The treatment of wide neck bifurcation aneurysms is more incomplete and dangerous than you think, says Adam Arthur (professor of Neurosurgery, University of Tennessee Health Sciences Center, Semmes-Murphey Neurologic and Spine Clinic, Memphis, USA). Talking at the 15th annual meeting of the Society of NeuroInterventional Surgery (SNIS; 23–27 July, San Francisco, USA), he highlighted the unmet clinical need of wide neck bifurcation aneurysms and how the WEB Intrasaccular Therapy (WEB-IT) study is helping to address this.
Wide neck bifurcation aneurysms account for a large patient population, around 30–40% of all aneurysms, and, due to their complex physiology, they are difficult to treat and often need to be treated surgically. This means that research on other options, like intrasaccular flow disruption, is important.
The safety rates for treating wide neck aneurysms vary greatly from 2.7–9.4% and the same is true for occlusion rates. Data from the WEBCAST trial shows complete occlusion in 56% of cases, with 85% of cases having adequate occlusion compared to 29% of aneurysms achieving complete occlusion and 82% achieving adequate occlusion in the CERECYTE (coils) trial. Simulation device training can help physicians prepare and practise their technique with a new device before treating patients. In the WEB-IT study a neurovascular replicator (Vascular Simulation) was used. This allowed physicians to learn how to size and use the Woven Endobridge (WEB, MicroVention) intrasaccular device correctly, as the study had zero roll-in cases.
The WEB-IT study is a prospective, multicentre, single arm study looking at the efficacy of the WEB intrasaccular device in treating wide/challenging neck bifurcation aneurysms. Enrolment began in August 2014 and was completed in March 2016. The device is designed so that they highest density/lowest porosity of mesh is in the area of highest flow.
A paper, published in the Journal of NeuroInterventional Surgery, looked at the feasibility of training physicians taking part in the WEB-IT trial using a simulator, with positive results. “The level of safety achieved during procedures was directly comparable to that observed within a group of experienced European physicians,” wrote Arthur, et al.
The implementation of the replicator-based training programme involved an initial skill building session where physicians deployed devices in several aneurysms. These aneurysms had varying levels of complexity and allowed investigators to become more comfortable with the procedure and communication with supervising protocol. This was followed by the replication of patient specific anatomy and pre-case rehearsal under the guidance of both supervisors and experienced clinical specialists. Experience obtained during the surgical rehearsal on patient-specific anatomy, which was modelled from imaging data from a patient in the trial, helped operators to anticipate potential challenges with respect to access, device sizing, and device deployment.
The ability to perform patient-specific replicated cases within the operator’s angiography suite—on their own angiography equipment and with their assistants and full surgical team participating—provided a unique opportunity for the entire team to gain experience and familiarity with the WEB device and procedure. “One particularly helpful aspect of this interaction was that it allowed the team to establish a lexicon of terms to optimise communication during the actual cases,” state the authors.
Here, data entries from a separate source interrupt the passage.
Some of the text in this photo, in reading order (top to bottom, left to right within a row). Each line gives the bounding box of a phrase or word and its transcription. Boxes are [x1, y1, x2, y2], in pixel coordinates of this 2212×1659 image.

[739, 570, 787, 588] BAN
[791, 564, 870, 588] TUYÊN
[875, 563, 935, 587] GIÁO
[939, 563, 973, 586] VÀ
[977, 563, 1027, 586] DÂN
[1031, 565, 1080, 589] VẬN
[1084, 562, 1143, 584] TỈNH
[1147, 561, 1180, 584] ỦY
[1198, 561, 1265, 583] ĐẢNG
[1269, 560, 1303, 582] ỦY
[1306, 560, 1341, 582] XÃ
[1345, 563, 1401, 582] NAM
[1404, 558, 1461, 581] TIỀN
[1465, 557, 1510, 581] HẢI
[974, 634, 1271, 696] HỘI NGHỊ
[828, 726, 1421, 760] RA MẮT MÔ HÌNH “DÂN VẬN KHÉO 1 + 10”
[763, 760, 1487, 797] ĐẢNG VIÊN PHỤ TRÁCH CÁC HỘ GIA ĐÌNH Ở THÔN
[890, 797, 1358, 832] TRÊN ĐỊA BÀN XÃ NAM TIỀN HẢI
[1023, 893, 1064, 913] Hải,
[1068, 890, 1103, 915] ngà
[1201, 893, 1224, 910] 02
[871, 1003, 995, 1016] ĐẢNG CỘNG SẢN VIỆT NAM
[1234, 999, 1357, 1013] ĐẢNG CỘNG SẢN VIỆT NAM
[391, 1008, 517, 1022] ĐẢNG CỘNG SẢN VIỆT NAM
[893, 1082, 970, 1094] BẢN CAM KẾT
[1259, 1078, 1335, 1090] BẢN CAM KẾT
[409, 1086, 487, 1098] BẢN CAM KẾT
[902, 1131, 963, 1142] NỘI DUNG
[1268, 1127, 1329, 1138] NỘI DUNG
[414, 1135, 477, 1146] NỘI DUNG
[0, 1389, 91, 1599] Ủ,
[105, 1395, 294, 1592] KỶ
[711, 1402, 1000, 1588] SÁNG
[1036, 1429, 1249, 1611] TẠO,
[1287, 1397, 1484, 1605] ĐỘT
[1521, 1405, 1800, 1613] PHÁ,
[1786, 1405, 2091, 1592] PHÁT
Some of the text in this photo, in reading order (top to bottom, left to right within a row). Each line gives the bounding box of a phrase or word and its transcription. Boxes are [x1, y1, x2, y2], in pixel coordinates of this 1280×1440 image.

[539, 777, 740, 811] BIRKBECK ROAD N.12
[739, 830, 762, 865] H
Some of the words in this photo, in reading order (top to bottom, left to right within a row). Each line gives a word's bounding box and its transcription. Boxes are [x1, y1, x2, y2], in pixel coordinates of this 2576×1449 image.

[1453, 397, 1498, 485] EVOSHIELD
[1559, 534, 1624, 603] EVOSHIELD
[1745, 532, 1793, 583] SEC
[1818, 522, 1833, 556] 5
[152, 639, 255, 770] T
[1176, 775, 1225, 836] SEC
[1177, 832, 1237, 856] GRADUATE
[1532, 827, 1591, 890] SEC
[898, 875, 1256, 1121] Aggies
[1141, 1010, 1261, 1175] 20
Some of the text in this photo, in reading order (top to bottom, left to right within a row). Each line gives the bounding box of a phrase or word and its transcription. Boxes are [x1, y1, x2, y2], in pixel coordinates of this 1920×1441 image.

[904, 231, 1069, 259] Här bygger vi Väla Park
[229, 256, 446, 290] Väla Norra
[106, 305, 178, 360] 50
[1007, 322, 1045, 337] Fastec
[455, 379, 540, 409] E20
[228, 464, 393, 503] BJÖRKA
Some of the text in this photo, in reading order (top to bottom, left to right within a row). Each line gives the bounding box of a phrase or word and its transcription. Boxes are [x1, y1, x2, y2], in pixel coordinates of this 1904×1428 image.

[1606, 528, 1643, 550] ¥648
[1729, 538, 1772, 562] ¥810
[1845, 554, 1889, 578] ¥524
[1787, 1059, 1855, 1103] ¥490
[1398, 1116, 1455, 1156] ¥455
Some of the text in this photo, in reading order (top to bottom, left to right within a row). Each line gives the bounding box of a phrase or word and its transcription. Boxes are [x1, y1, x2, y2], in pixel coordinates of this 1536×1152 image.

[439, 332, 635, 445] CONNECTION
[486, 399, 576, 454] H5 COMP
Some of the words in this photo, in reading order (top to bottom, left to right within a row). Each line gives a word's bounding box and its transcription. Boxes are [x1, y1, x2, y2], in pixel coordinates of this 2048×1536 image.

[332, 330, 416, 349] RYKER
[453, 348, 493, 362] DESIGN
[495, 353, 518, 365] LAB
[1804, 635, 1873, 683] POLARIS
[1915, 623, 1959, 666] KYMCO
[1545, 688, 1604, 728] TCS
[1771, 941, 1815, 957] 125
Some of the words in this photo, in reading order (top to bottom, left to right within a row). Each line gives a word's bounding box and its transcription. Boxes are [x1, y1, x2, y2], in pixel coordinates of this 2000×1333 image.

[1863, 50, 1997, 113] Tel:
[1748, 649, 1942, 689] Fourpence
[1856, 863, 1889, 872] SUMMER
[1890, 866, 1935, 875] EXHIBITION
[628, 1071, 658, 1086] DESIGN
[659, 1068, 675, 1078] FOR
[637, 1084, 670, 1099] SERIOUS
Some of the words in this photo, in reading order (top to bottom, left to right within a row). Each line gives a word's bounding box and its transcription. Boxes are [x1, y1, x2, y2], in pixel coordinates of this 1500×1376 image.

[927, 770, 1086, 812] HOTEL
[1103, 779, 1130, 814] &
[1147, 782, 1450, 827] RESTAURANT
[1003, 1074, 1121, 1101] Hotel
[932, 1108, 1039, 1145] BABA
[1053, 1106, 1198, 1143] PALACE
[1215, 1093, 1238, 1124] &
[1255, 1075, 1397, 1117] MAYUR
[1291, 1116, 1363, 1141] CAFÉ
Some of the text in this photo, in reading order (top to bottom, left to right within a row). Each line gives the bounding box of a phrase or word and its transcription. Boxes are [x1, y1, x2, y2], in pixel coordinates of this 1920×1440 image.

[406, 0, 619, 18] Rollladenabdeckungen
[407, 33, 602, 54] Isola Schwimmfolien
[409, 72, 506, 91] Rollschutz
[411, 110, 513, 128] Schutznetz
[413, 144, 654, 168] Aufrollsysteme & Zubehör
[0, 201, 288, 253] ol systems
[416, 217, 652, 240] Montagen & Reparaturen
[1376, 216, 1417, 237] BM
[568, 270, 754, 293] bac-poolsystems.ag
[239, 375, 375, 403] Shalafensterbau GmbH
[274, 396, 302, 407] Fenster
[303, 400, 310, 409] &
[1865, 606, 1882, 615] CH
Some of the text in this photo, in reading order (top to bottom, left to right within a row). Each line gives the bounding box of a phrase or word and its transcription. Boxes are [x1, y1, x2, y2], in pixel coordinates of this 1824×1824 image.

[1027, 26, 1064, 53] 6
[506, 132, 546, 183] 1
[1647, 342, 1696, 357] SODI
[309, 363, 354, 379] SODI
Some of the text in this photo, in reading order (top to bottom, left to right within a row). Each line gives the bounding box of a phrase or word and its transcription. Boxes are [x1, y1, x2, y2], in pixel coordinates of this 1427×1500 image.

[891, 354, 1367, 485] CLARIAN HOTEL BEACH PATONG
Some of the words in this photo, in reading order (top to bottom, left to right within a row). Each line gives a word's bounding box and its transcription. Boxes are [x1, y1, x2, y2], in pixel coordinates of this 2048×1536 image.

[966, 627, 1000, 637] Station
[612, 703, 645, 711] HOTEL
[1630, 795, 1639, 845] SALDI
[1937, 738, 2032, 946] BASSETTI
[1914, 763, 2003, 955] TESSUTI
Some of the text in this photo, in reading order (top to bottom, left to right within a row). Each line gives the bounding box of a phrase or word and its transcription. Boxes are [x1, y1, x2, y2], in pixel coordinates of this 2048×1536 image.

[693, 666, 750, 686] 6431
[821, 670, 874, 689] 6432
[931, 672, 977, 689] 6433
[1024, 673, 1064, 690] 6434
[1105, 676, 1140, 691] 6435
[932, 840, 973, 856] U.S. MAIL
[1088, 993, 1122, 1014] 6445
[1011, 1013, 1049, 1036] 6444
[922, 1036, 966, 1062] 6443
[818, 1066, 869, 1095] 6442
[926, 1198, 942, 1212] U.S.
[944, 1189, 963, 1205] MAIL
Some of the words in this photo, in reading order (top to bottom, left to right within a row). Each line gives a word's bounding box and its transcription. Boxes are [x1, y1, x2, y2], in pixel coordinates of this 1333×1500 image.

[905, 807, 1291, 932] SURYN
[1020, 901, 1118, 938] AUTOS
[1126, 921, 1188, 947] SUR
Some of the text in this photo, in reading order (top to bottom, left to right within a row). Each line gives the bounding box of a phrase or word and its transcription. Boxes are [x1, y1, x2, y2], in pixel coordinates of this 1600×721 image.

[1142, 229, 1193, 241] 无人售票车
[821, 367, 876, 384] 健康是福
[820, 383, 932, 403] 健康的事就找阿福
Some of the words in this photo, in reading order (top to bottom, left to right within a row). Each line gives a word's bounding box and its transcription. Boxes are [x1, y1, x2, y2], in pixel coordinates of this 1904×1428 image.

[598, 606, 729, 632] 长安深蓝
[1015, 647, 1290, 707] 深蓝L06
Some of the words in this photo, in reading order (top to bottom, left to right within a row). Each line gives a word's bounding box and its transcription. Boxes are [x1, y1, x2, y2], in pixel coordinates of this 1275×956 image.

“In our experience, conventional catheter-based rotational three-dimensional angiography provided the best possible data from which to construct a stereolithographic file that most accurately depicted the anatomy.”
When computed tomographic angiography or magnetic resonance angiography data were used, they found that the replicated anatomy was less reliable.
The use of the system provides the operator with an opportunity to use actual devices within a validated physiological system, but it is important to acknowledge that this benefit comes at a financial expense as numerous catheters, wires, and implants are required for the completion of a comprehensive replicator training. While basic procedural metrics can be compared with those of similar trials, there was no prospective intent, nor ability, to prove the effect of this replicator-based training programme within the US WEB-IT trial.